Exercise prompt
If a line holds the word "Lenovo", copy it from the entries.

=== Section Start ===

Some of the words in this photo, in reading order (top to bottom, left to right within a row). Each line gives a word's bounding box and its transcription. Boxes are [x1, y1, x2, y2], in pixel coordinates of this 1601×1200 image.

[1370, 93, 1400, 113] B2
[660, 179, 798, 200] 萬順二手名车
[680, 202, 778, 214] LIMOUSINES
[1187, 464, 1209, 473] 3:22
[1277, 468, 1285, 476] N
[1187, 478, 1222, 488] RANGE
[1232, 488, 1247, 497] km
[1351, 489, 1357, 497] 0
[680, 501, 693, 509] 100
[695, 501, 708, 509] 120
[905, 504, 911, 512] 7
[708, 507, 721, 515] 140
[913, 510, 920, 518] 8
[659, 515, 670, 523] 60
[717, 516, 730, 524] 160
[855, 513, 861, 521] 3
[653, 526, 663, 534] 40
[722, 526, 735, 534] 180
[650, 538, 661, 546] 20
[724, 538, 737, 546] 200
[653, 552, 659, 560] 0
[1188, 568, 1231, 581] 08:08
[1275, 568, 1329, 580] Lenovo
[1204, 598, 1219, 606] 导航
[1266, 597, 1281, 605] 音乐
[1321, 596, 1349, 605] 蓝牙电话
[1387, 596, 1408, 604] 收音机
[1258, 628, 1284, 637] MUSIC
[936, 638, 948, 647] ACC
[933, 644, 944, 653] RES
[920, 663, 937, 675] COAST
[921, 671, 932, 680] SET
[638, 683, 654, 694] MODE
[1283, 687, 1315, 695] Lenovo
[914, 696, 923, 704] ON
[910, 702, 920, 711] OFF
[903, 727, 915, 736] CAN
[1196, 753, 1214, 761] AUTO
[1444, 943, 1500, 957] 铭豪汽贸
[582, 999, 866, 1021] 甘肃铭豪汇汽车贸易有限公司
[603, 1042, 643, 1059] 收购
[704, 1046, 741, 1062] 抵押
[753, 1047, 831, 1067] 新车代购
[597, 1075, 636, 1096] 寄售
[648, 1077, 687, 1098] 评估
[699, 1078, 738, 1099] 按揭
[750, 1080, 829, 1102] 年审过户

=== Section End ===

Response
[1275, 568, 1329, 580] Lenovo
[1283, 687, 1315, 695] Lenovo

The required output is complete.